After the 2011 uprisings which overthrew Ben Ali's regime, many underground movements emerged in the country and especially in Tunis, through artistic expressions like rap and graffitis. More and more groups of youngsters or of independent artists appeared in the streets of the capital and appropriated these instruments to express their demands, their wish for a different society but also their anger towards the current situation. 


Next to the municipal theatre or in the corridors of the central station, youngsters take the floor dancing, singing or proposing street shows that make people laugh and think.  


But who are these young people? The recurrent subject of political discourses and media, portrayed as the country's source of life and the flame of the revolution, these famous young people are in reality marginalized from the public scene. Ignored and oppressed under the old regime, they now refuse to stay silent and they turn to spontaneous forms of expression. The occupation of public space then becomes a place of daily friction and negotiations between youngsters and the authorities. Urban space is transformed in a ephemeral way in a public stage spreading messages.





Towards a cultural revolution


The old regime always tried to control culture and the arts to drain all oppositional political movements. Artists broadcasted on television were either allies of the system or neutral and apolitical. Those who claimed freedom of expression were excluded from the cultural and artistic scene.


The 2011 movements fostered the emergence or artistic practices boosted by young people. Beyond a social and political revolution, these young artists claim a cultural one. Not having access to formal means of diffusion of their art, some young people took back public spaces and turned them into places of teaching and learning. Rap, street theatre and graffiti took a role in social movements in response to formal artistic products and institutional political discourses.







Everyday street art


Precariousness and unemployment are a pleague for young people in Tunsia. In the film "L'art Rue", we interrogate ourselves on the everyday life of these young people and what led them to turn to informal art.

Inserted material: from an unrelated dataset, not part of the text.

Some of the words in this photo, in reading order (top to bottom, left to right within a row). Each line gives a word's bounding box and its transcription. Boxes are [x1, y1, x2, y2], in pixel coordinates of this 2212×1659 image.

Following some artists' trajectories, we highlight their ways of organizing and the practices of solidarity that allows them to satisfy their basic needs. 


We start from the example of rapper Klay BBJ, who started to write his lyrics in his family house, in the heart of a working-class neighborhood. His texts speak about injustice and social inequalities. They reflect anger and frustration at the system's apparatuses and many young Tunisians identify in his words. 

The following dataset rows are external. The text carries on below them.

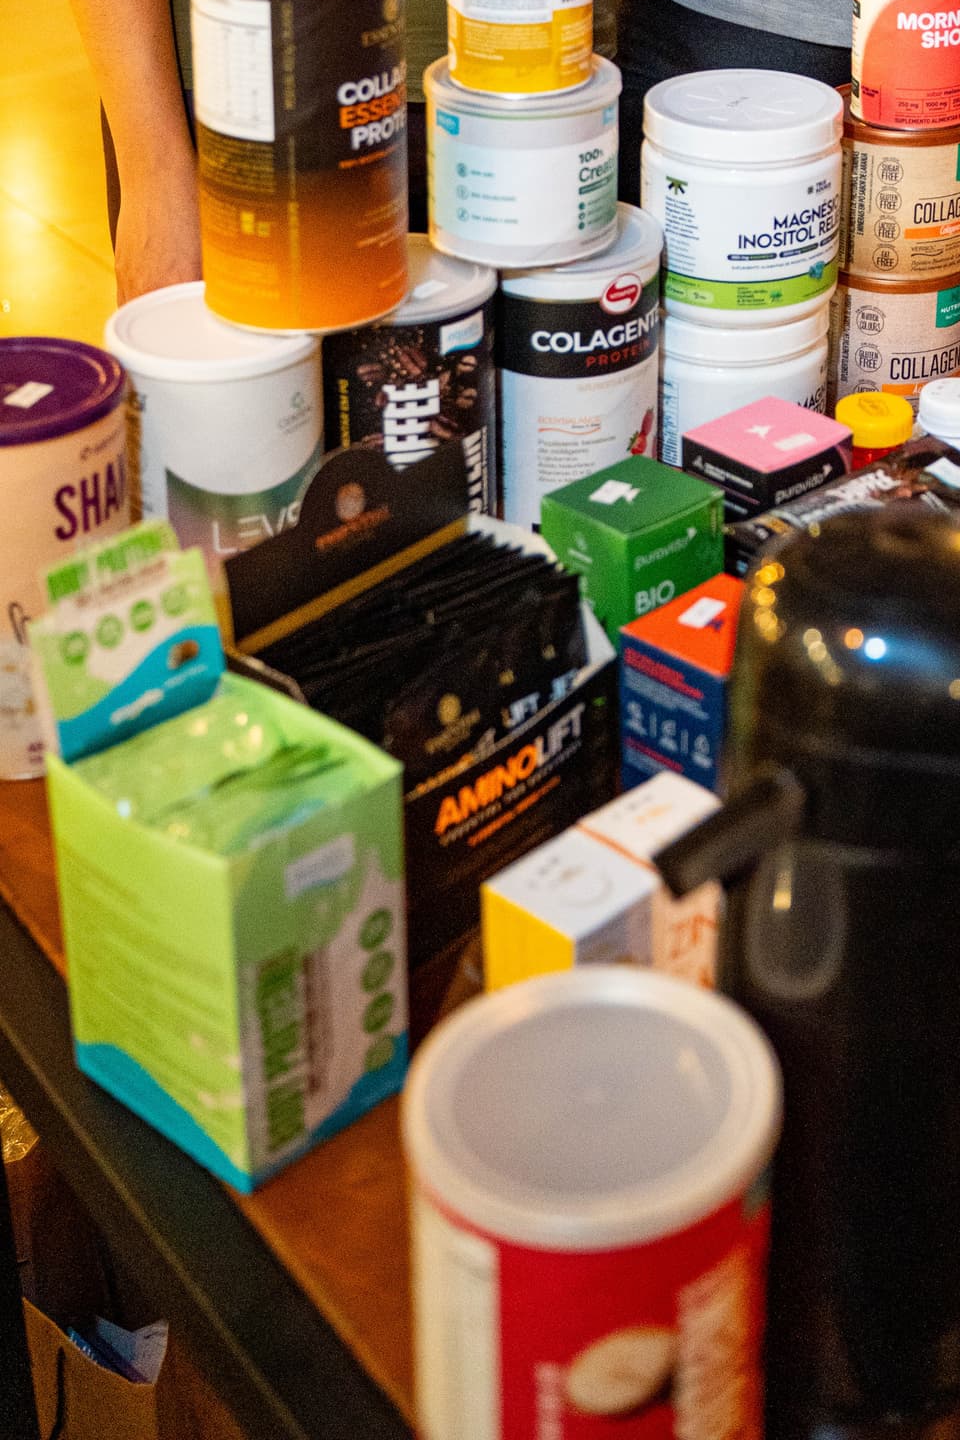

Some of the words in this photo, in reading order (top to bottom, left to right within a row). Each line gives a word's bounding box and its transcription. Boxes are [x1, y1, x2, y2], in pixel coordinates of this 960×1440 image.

[882, 164, 899, 172] SUGAR
[881, 172, 898, 181] FREE
[880, 200, 896, 210] FREE
[738, 225, 816, 250] INOSITOL
[878, 229, 895, 239] FREE
[876, 258, 894, 267] FREE
[860, 359, 877, 369] FREE
[890, 345, 960, 380] COLLAGEN
[635, 580, 676, 614] BIO
[434, 704, 586, 835] AMINOLIFT

We also follow the daily life of two young musicians, Marwen and Ghassan, who use the street as a workplace and reclaim their right to it. The money they collect every day allows them to pay their transport and meals. However, this job is still perceived in a negative way, considered as begging by a large part of the Tunisian population and it is not recognized by its artistic value. According to Ghassan, the street is the first scene for his career and it allows him to gain a certain visibility on the media.


Just like in music, in street dance and mural paintings young artists' daily life is a source of inspiration reflected in their creations. 





Democracy and repression 


While Tunisia gained international recognition for the recently awarded Peace Nobel Prize for its process of democratic transition, the repression that some young artists face poses some questions on freedom of expression and the values of democracy. 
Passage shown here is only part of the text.